---------- Study material

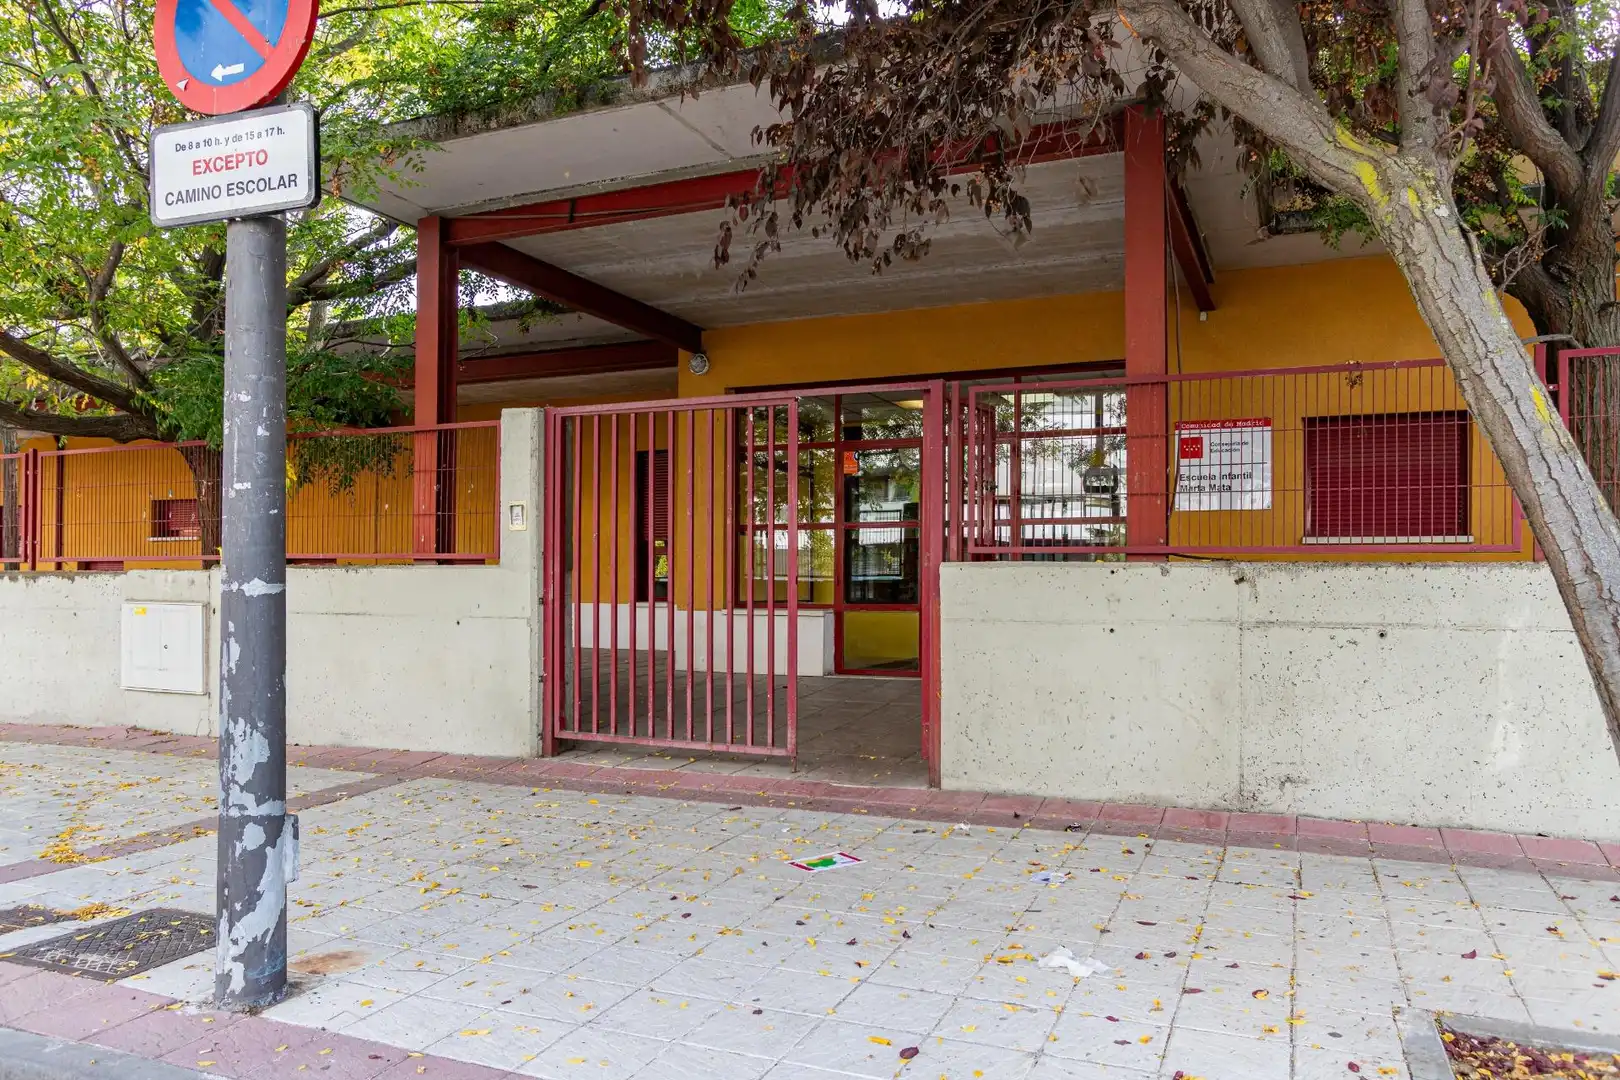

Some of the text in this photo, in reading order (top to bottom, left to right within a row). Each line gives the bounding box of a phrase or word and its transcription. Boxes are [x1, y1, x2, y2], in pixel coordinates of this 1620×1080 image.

[175, 143, 186, 152] De
[188, 141, 194, 150] 8
[195, 141, 200, 149] a
[202, 138, 213, 148] 10
[214, 136, 223, 146] h.
[224, 137, 230, 147] y
[232, 134, 243, 144] de
[245, 131, 255, 141] 15
[265, 127, 275, 137] 17
[276, 126, 285, 136] h.
[192, 149, 268, 177] EXCEPTO
[165, 173, 298, 206] CAMINO ESCOLAR
[1180, 473, 1217, 482] Escuela
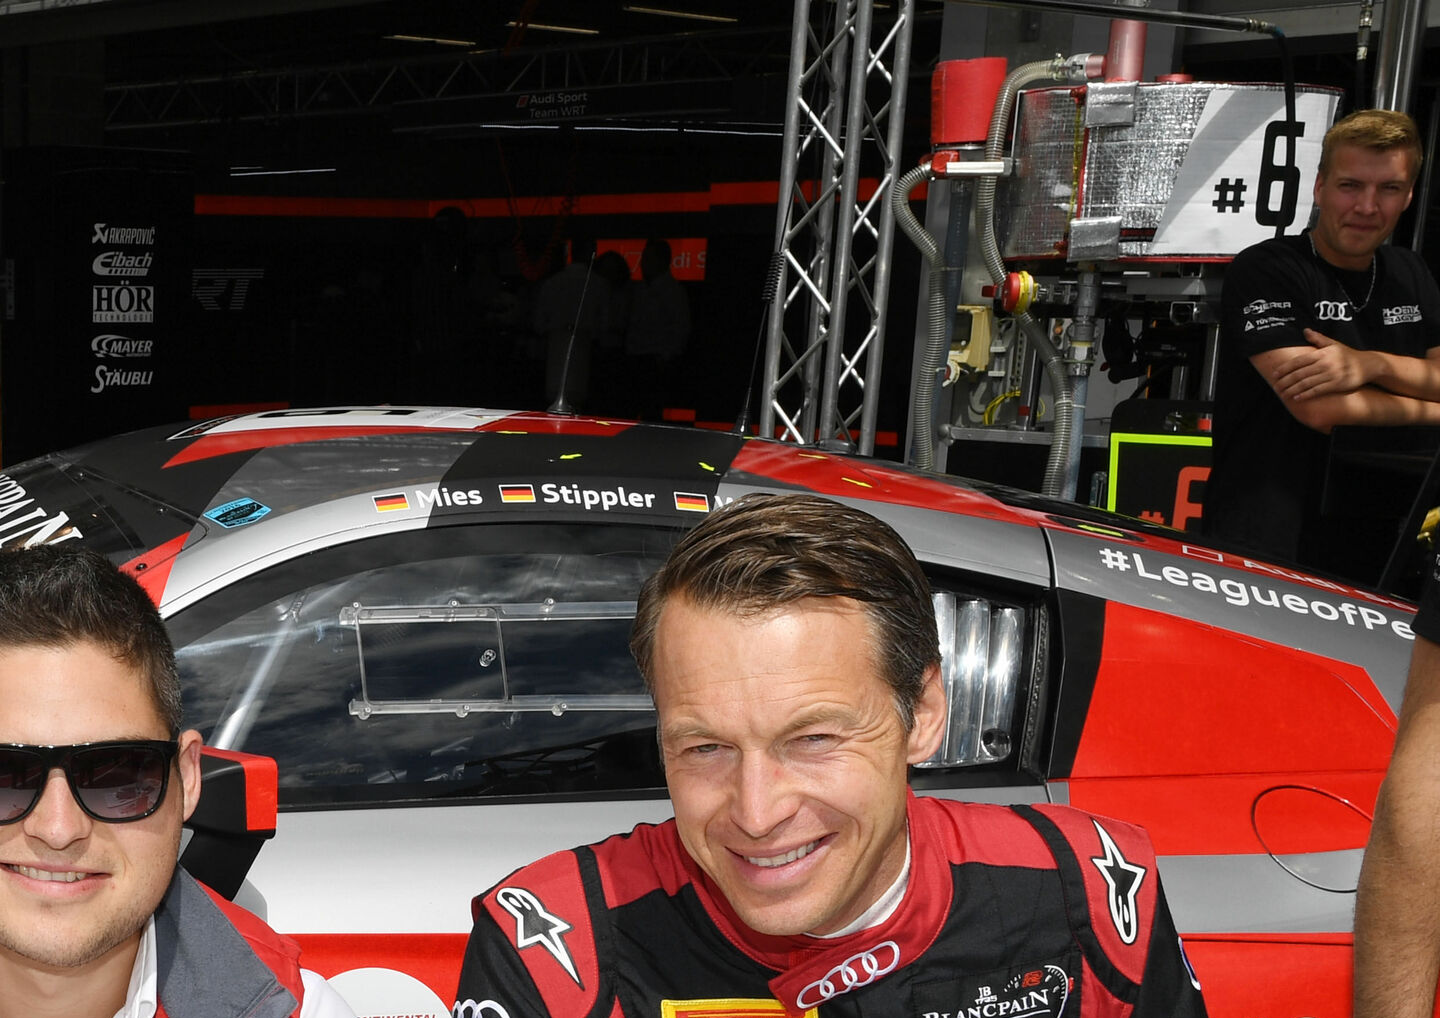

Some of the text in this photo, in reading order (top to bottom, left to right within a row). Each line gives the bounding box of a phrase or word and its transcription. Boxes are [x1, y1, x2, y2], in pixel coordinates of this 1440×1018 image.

[529, 91, 588, 105] Audi Sport
[92, 251, 153, 276] Eibach
[94, 280, 153, 313] HÖR
[109, 340, 153, 354] MAYER
[91, 364, 153, 393] STÄUBLI
[415, 483, 656, 510] Mies Stippler
[1098, 547, 1417, 642] #LeagueofPe

--------------------

Work task :: Your copy should hold all the data word for word. It should hold no pictures.

Answer for this exercise ::
Some of the text in this photo, in reading order (top to bottom, left to right within a row). Each line gives the bounding box of a phrase or word and its transcription. Boxes are [x1, y1, x2, y2], in pixel coordinates of this 1620×1080 image.

[175, 143, 186, 152] De
[188, 141, 194, 150] 8
[195, 141, 200, 149] a
[202, 138, 213, 148] 10
[214, 136, 223, 146] h.
[224, 137, 230, 147] y
[232, 134, 243, 144] de
[245, 131, 255, 141] 15
[265, 127, 275, 137] 17
[276, 126, 285, 136] h.
[192, 149, 268, 177] EXCEPTO
[165, 173, 298, 206] CAMINO ESCOLAR
[1180, 473, 1217, 482] Escuela

Some of the text in this photo, in reading order (top to bottom, left to right within a row). Each line gives the bounding box of a phrase or word and its transcription. Boxes are [x1, y1, x2, y2], in pixel coordinates of this 1440×1018 image.

[529, 91, 588, 105] Audi Sport
[92, 251, 153, 276] Eibach
[94, 280, 153, 313] HÖR
[109, 340, 153, 354] MAYER
[91, 364, 153, 393] STÄUBLI
[415, 483, 656, 510] Mies Stippler
[1098, 547, 1417, 642] #LeagueofPe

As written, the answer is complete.